Top of MATERIAL SHOWN
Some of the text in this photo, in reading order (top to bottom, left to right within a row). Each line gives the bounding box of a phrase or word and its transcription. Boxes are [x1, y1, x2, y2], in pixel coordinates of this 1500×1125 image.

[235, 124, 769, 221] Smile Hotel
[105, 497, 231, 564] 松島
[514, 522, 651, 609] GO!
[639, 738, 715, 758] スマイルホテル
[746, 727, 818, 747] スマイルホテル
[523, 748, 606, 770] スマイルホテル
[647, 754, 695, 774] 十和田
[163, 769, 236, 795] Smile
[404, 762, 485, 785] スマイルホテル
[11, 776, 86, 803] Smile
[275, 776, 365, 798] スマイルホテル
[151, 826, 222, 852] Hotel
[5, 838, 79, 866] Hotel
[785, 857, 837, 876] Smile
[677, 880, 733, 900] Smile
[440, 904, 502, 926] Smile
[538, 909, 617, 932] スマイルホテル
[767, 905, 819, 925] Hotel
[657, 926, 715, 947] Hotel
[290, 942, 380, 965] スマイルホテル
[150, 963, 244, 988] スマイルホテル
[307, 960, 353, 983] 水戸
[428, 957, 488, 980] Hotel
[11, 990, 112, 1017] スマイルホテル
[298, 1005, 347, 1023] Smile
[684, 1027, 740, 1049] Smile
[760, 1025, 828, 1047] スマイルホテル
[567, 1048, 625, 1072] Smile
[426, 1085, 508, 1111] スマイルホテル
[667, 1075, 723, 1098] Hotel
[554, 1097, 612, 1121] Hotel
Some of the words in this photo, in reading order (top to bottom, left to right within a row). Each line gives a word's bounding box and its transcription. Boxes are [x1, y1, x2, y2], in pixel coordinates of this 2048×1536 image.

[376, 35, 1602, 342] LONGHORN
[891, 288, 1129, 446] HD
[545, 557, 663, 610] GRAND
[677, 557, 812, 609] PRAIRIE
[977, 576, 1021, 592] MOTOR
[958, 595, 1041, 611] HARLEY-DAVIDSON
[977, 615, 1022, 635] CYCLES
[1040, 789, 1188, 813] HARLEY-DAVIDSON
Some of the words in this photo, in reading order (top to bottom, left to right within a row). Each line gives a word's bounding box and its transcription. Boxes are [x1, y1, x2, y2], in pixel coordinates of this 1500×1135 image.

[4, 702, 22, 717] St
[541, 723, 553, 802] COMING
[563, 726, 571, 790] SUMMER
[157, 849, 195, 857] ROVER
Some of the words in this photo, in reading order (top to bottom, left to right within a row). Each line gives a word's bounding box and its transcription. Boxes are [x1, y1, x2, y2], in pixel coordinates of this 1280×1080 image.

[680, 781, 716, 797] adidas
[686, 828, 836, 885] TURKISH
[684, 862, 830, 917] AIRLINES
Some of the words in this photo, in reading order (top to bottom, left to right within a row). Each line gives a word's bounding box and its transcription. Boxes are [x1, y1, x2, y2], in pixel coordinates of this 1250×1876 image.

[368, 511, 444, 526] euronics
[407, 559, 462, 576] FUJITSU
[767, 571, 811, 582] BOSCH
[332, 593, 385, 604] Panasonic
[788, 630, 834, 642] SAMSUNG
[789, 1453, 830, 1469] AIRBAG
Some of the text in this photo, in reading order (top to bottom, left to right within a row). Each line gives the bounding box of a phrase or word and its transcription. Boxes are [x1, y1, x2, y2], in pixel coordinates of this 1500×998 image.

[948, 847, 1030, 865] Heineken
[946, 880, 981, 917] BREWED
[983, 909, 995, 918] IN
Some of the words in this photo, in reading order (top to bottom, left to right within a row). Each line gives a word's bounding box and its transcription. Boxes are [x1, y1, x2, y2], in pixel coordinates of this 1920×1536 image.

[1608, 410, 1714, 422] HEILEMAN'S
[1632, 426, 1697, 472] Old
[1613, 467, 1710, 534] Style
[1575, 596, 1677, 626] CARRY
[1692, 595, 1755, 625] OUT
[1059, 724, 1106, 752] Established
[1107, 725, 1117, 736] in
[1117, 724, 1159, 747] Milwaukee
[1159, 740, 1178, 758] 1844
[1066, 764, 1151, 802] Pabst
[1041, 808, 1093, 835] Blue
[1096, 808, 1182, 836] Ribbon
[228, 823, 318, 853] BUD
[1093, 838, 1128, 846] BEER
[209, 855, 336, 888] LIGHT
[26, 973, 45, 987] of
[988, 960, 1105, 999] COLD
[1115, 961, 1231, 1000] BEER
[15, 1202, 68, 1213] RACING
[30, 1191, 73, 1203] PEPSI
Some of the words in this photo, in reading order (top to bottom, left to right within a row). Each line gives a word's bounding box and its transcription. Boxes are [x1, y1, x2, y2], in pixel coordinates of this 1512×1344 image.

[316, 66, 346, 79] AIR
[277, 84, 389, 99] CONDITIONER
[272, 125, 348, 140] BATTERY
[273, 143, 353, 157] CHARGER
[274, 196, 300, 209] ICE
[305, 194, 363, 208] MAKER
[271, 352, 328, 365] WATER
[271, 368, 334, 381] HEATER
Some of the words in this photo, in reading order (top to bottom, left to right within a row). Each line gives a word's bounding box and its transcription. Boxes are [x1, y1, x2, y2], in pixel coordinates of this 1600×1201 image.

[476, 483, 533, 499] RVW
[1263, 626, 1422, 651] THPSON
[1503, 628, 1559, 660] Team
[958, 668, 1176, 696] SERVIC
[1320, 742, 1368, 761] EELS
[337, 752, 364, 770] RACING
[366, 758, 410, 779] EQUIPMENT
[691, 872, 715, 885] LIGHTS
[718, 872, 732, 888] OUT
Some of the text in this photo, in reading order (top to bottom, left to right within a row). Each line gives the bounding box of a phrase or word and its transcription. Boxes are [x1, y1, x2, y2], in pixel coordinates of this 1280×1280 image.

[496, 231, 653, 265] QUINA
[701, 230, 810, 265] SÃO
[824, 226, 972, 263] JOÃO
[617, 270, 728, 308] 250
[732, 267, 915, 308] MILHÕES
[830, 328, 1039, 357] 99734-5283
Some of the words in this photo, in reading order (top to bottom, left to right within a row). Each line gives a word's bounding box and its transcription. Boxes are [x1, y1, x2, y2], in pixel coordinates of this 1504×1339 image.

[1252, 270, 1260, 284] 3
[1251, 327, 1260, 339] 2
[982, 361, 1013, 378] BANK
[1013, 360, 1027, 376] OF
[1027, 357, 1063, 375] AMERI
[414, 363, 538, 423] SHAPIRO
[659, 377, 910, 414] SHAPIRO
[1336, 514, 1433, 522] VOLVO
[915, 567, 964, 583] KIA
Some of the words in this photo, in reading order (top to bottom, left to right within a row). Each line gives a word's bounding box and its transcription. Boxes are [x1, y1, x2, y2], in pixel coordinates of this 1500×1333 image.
Bottom of MATERIAL SHOWN
- EXERCISE -
Copy the material above so that it matches line for line.

- SOLUTION FOR THIS PROBLEM -
Some of the text in this photo, in reading order (top to bottom, left to right within a row). Each line gives the bounding box of a phrase or word and its transcription. Boxes are [x1, y1, x2, y2], in pixel coordinates of this 1500×1125 image.

[235, 124, 769, 221] Smile Hotel
[105, 497, 231, 564] 松島
[514, 522, 651, 609] GO!
[639, 738, 715, 758] スマイルホテル
[746, 727, 818, 747] スマイルホテル
[523, 748, 606, 770] スマイルホテル
[647, 754, 695, 774] 十和田
[163, 769, 236, 795] Smile
[404, 762, 485, 785] スマイルホテル
[11, 776, 86, 803] Smile
[275, 776, 365, 798] スマイルホテル
[151, 826, 222, 852] Hotel
[5, 838, 79, 866] Hotel
[785, 857, 837, 876] Smile
[677, 880, 733, 900] Smile
[440, 904, 502, 926] Smile
[538, 909, 617, 932] スマイルホテル
[767, 905, 819, 925] Hotel
[657, 926, 715, 947] Hotel
[290, 942, 380, 965] スマイルホテル
[150, 963, 244, 988] スマイルホテル
[307, 960, 353, 983] 水戸
[428, 957, 488, 980] Hotel
[11, 990, 112, 1017] スマイルホテル
[298, 1005, 347, 1023] Smile
[684, 1027, 740, 1049] Smile
[760, 1025, 828, 1047] スマイルホテル
[567, 1048, 625, 1072] Smile
[426, 1085, 508, 1111] スマイルホテル
[667, 1075, 723, 1098] Hotel
[554, 1097, 612, 1121] Hotel
Some of the words in this photo, in reading order (top to bottom, left to right within a row). Each line gives a word's bounding box and its transcription. Boxes are [x1, y1, x2, y2], in pixel coordinates of this 2048×1536 image.

[376, 35, 1602, 342] LONGHORN
[891, 288, 1129, 446] HD
[545, 557, 663, 610] GRAND
[677, 557, 812, 609] PRAIRIE
[977, 576, 1021, 592] MOTOR
[958, 595, 1041, 611] HARLEY-DAVIDSON
[977, 615, 1022, 635] CYCLES
[1040, 789, 1188, 813] HARLEY-DAVIDSON
Some of the words in this photo, in reading order (top to bottom, left to right within a row). Each line gives a word's bounding box and its transcription. Boxes are [x1, y1, x2, y2], in pixel coordinates of this 1500×1135 image.

[4, 702, 22, 717] St
[541, 723, 553, 802] COMING
[563, 726, 571, 790] SUMMER
[157, 849, 195, 857] ROVER
Some of the words in this photo, in reading order (top to bottom, left to right within a row). Each line gives a word's bounding box and its transcription. Boxes are [x1, y1, x2, y2], in pixel coordinates of this 1280×1080 image.

[680, 781, 716, 797] adidas
[686, 828, 836, 885] TURKISH
[684, 862, 830, 917] AIRLINES
Some of the words in this photo, in reading order (top to bottom, left to right within a row). Each line gives a word's bounding box and its transcription. Boxes are [x1, y1, x2, y2], in pixel coordinates of this 1250×1876 image.

[368, 511, 444, 526] euronics
[407, 559, 462, 576] FUJITSU
[767, 571, 811, 582] BOSCH
[332, 593, 385, 604] Panasonic
[788, 630, 834, 642] SAMSUNG
[789, 1453, 830, 1469] AIRBAG
Some of the text in this photo, in reading order (top to bottom, left to right within a row). Each line gives the bounding box of a phrase or word and its transcription. Boxes are [x1, y1, x2, y2], in pixel coordinates of this 1500×998 image.

[948, 847, 1030, 865] Heineken
[946, 880, 981, 917] BREWED
[983, 909, 995, 918] IN
Some of the words in this photo, in reading order (top to bottom, left to right within a row). Each line gives a word's bounding box and its transcription. Boxes are [x1, y1, x2, y2], in pixel coordinates of this 1920×1536 image.

[1608, 410, 1714, 422] HEILEMAN'S
[1632, 426, 1697, 472] Old
[1613, 467, 1710, 534] Style
[1575, 596, 1677, 626] CARRY
[1692, 595, 1755, 625] OUT
[1059, 724, 1106, 752] Established
[1107, 725, 1117, 736] in
[1117, 724, 1159, 747] Milwaukee
[1159, 740, 1178, 758] 1844
[1066, 764, 1151, 802] Pabst
[1041, 808, 1093, 835] Blue
[1096, 808, 1182, 836] Ribbon
[228, 823, 318, 853] BUD
[1093, 838, 1128, 846] BEER
[209, 855, 336, 888] LIGHT
[26, 973, 45, 987] of
[988, 960, 1105, 999] COLD
[1115, 961, 1231, 1000] BEER
[15, 1202, 68, 1213] RACING
[30, 1191, 73, 1203] PEPSI
Some of the words in this photo, in reading order (top to bottom, left to right within a row). Each line gives a word's bounding box and its transcription. Boxes are [x1, y1, x2, y2], in pixel coordinates of this 1512×1344 image.

[316, 66, 346, 79] AIR
[277, 84, 389, 99] CONDITIONER
[272, 125, 348, 140] BATTERY
[273, 143, 353, 157] CHARGER
[274, 196, 300, 209] ICE
[305, 194, 363, 208] MAKER
[271, 352, 328, 365] WATER
[271, 368, 334, 381] HEATER
Some of the words in this photo, in reading order (top to bottom, left to right within a row). Each line gives a word's bounding box and its transcription. Boxes are [x1, y1, x2, y2], in pixel coordinates of this 1600×1201 image.

[476, 483, 533, 499] RVW
[1263, 626, 1422, 651] THPSON
[1503, 628, 1559, 660] Team
[958, 668, 1176, 696] SERVIC
[1320, 742, 1368, 761] EELS
[337, 752, 364, 770] RACING
[366, 758, 410, 779] EQUIPMENT
[691, 872, 715, 885] LIGHTS
[718, 872, 732, 888] OUT
Some of the text in this photo, in reading order (top to bottom, left to right within a row). Each line gives the bounding box of a phrase or word and its transcription. Boxes are [x1, y1, x2, y2], in pixel coordinates of this 1280×1280 image.

[496, 231, 653, 265] QUINA
[701, 230, 810, 265] SÃO
[824, 226, 972, 263] JOÃO
[617, 270, 728, 308] 250
[732, 267, 915, 308] MILHÕES
[830, 328, 1039, 357] 99734-5283
Some of the words in this photo, in reading order (top to bottom, left to right within a row). Each line gives a word's bounding box and its transcription. Boxes are [x1, y1, x2, y2], in pixel coordinates of this 1504×1339 image.

[1252, 270, 1260, 284] 3
[1251, 327, 1260, 339] 2
[982, 361, 1013, 378] BANK
[1013, 360, 1027, 376] OF
[1027, 357, 1063, 375] AMERI
[414, 363, 538, 423] SHAPIRO
[659, 377, 910, 414] SHAPIRO
[1336, 514, 1433, 522] VOLVO
[915, 567, 964, 583] KIA
Some of the words in this photo, in reading order (top to bottom, left to right within a row). Each line gives a word's bounding box and its transcription. Boxes are [x1, y1, x2, y2], in pixel coordinates of this 1500×1333 image.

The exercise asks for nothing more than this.